The CLI is intended for local smoke tests and debugging; production setups should embed the library directly.
cargo run -p aardvark-cli -- assets stage --variant full
PYODIDE_DIST_DIR="$(find .aardvark/pyodide-distributions -maxdepth 1 -type d -name 'aardvark-*-pyodide-v0.29.4-full' | sort | tail -n 1)"
test -n "$PYODIDE_DIST_DIR"
AARDVARK_PYODIDE_DIST_DIR="$PYODIDE_DIST_DIR" \
cargo run -p aardvark-cli -- \
--bundle example/numpy_bundle.zip
Each example bundle includes aardvark.manifest.json, so the CLI can read the
entrypoint and package list from the ZIP. To smoke a larger package set, point
the runtime at the same staged distribution and run another manifest-backed
bundle:
AARDVARK_PYODIDE_DIST_DIR="$PYODIDE_DIST_DIR" \
cargo run -p aardvark-cli -- \
--bundle example/pandas_numpy_bundle.zip
Use --entrypoint or --package only as local debugging overrides for
manifest-less bundles or one-off experiments. Production bundles should carry
their entrypoint and package requirements in the manifest.
Preparing Pyodide assets
The runtime never downloads wheels on demand. Package loading uses a staged Aardvark Pyodide distribution, which combines the upstream Pyodide 0.29.4 release with Aardvark adapter scripts and a manifest containing file hashes plus a compatibility fingerprint.

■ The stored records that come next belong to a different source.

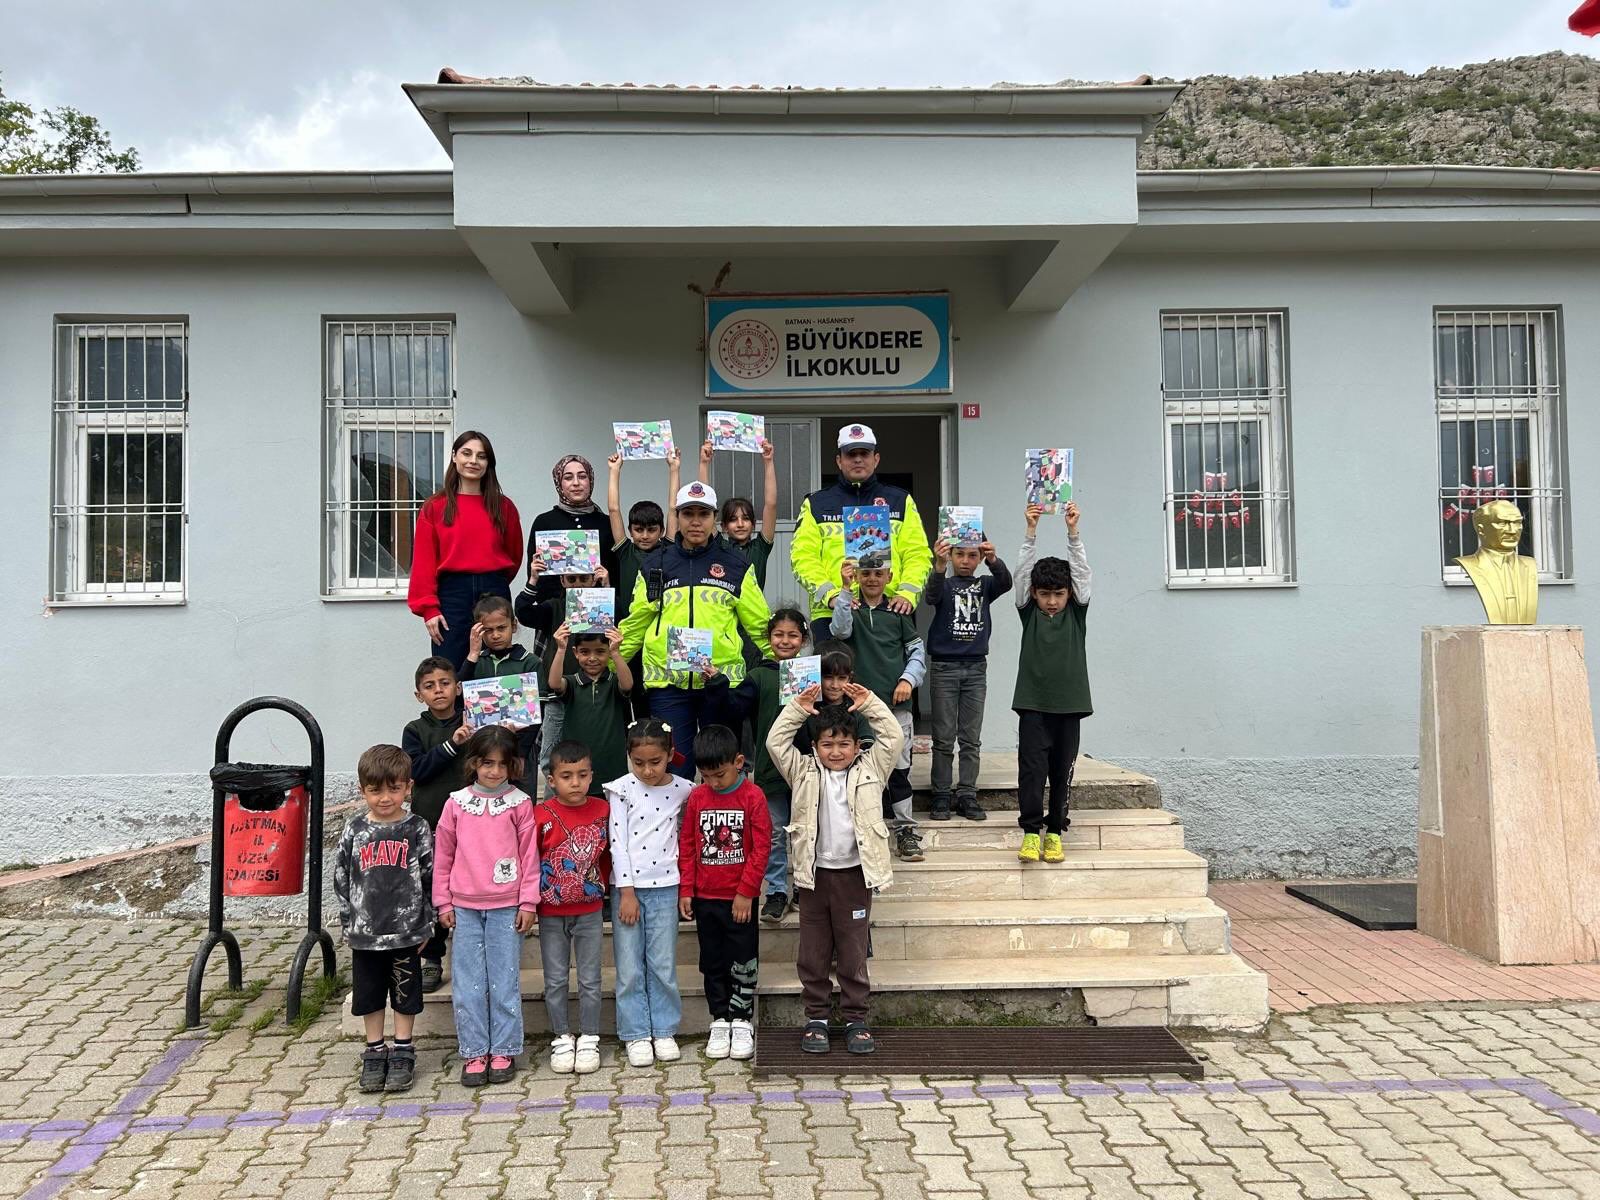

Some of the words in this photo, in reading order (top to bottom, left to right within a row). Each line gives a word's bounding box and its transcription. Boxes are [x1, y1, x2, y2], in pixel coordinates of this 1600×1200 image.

[785, 318, 812, 326] BATMAN
[817, 317, 855, 325] HASANKEYF
[786, 327, 923, 351] BÜYÜKDERE
[787, 354, 900, 377] İLKOKULU
[968, 406, 976, 416] 15
[700, 813, 744, 826] POWER
[360, 838, 409, 871] MAVİ
[717, 848, 744, 858] GREAT

Downstream setup tools can stage assets directly from aardvark-core without
installing aardvark-cli:
[dependencies] aardvark-core = { version = "=0.2.1", features = ["pyodide-staging"] }
use aardvark_core::pyodide_distribution::{ stage_pyodide_distribution, PyodideDistributionStageOptions, PyodideDistributionVariant, }; let report = stage_pyodide_distribution(PyodideDistributionStageOptions { variant: PyodideDistributionVariant::Full, output_dir, archive: None, force: true, })?; println!("staged {}", report.compatibility_fingerprint);
The CLI helper remains available for local development and calls the same library API:
cargo run -p aardvark-cli -- assets stage --variant full
PYODIDE_DIST_DIR="$(find .aardvark/pyodide-distributions -maxdepth 1 -type d -name 'aardvark-*-pyodide-v0.29.4-full' | sort | tail -n 1)"

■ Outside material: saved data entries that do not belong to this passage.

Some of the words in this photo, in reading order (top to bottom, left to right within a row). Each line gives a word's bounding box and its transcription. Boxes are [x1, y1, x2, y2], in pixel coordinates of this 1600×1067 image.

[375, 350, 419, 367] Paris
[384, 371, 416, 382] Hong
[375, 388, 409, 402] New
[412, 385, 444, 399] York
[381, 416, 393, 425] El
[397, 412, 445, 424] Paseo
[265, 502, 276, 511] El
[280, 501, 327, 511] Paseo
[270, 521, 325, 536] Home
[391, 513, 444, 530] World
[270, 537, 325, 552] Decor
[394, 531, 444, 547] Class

test -n "$PYODIDE_DIST_DIR"
cargo run -p aardvark-cli -- assets verify "$PYODIDE_DIST_DIR"
The pyodide-staging feature gates the staging-only normal dependencies used
for download, archive unpacking, temporary workspaces, and feature scanning. The
core crate still embeds minimal Pyodide assets at build time through
crates/aardvark-core/build.rs; use AARDVARK_PYODIDE_ARCHIVE or
AARDVARK_PYODIDE_DIR when builds must avoid fetching the pinned core archive.
Then set AARDVARK_PYODIDE_DIST_DIR or configure
PyRuntimeConfig::with_pyodide_dist_dir(...) / set_pyodide_dist_dir(...).

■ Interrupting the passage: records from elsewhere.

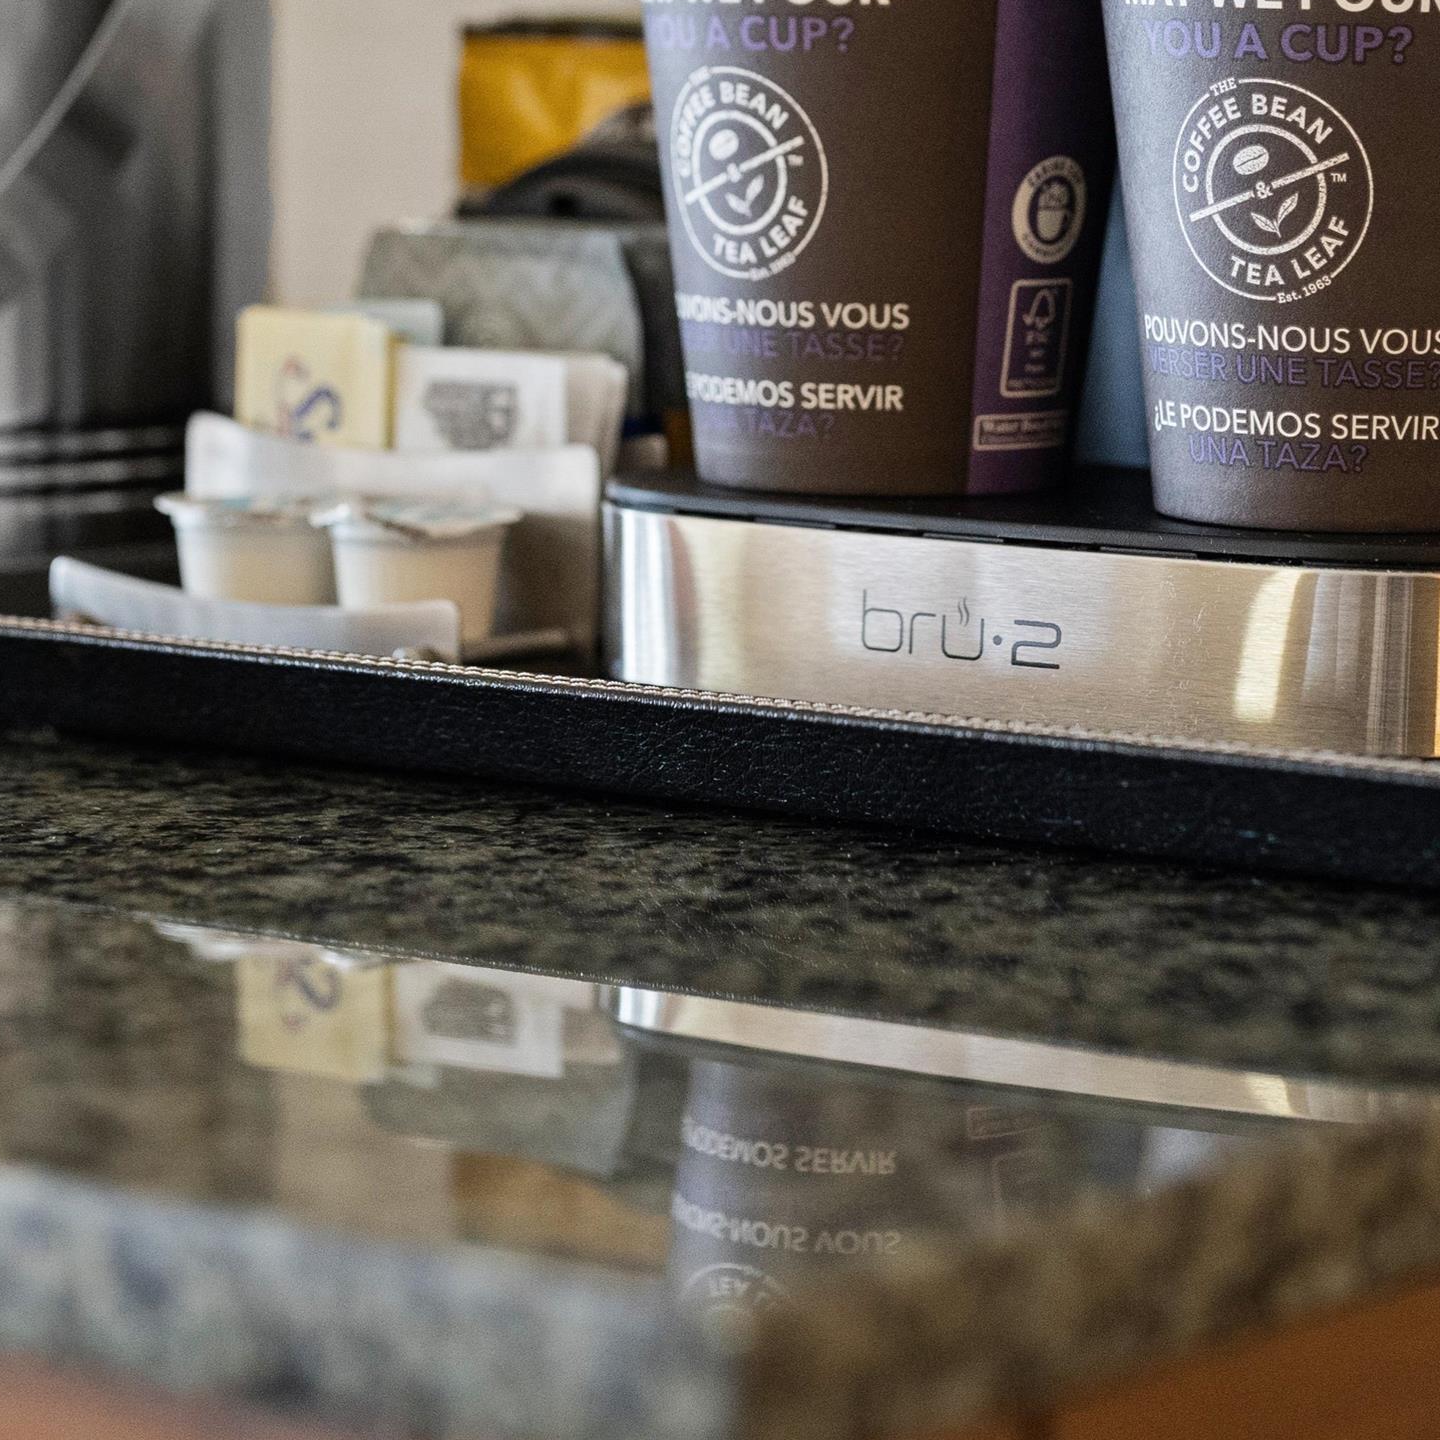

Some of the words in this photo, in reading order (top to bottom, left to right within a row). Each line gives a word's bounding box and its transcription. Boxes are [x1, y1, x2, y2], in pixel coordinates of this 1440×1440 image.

[645, 14, 696, 51] OU
[706, 14, 732, 51] A
[738, 15, 856, 54] CUP?
[1140, 18, 1223, 59] YOU
[1231, 21, 1269, 62] A
[1278, 22, 1416, 65] CUP?
[719, 80, 790, 131] BEAN
[1210, 76, 1238, 97] THE
[1181, 96, 1242, 193] COFFEE
[1250, 92, 1334, 145] BEAN
[1254, 180, 1274, 200] &
[713, 232, 758, 265] TEA
[759, 194, 809, 258] LEAF
[1230, 254, 1286, 287] TEA
[1289, 215, 1350, 280] LEAF
[1276, 290, 1303, 305] Est.
[1301, 274, 1333, 299] 1963
[819, 302, 911, 331] VOUS
[1144, 313, 1351, 355] POUVONS-NOUS
[1147, 343, 1228, 381] VERSER
[1235, 352, 1308, 387] UNE
[799, 381, 905, 411] SERVIR
[1179, 402, 1322, 439] PODEMOS
[1331, 413, 1440, 442] SERVIR
[1188, 435, 1251, 468] UNA
[1257, 440, 1369, 473] TAZA?

The core variant is only suitable for scenarios that do not install additional
Pyodide packages.
Use the workspace task runner to produce release artefacts for the CLI:
cargo install cross
cargo run -p xtask -- release-cli
The task ensures the required Rust targets are installed (rustup target add ...)
before building. Binaries land in ./dist/ (default targets:
x86_64-apple-darwin and x86_64-unknown-linux-gnu).
Useful flags:
--targets <triple[,triple]>– override the target list.--out-dir <path>– choose a different output directory.
Prefer to run the underlying cross-compiles yourself?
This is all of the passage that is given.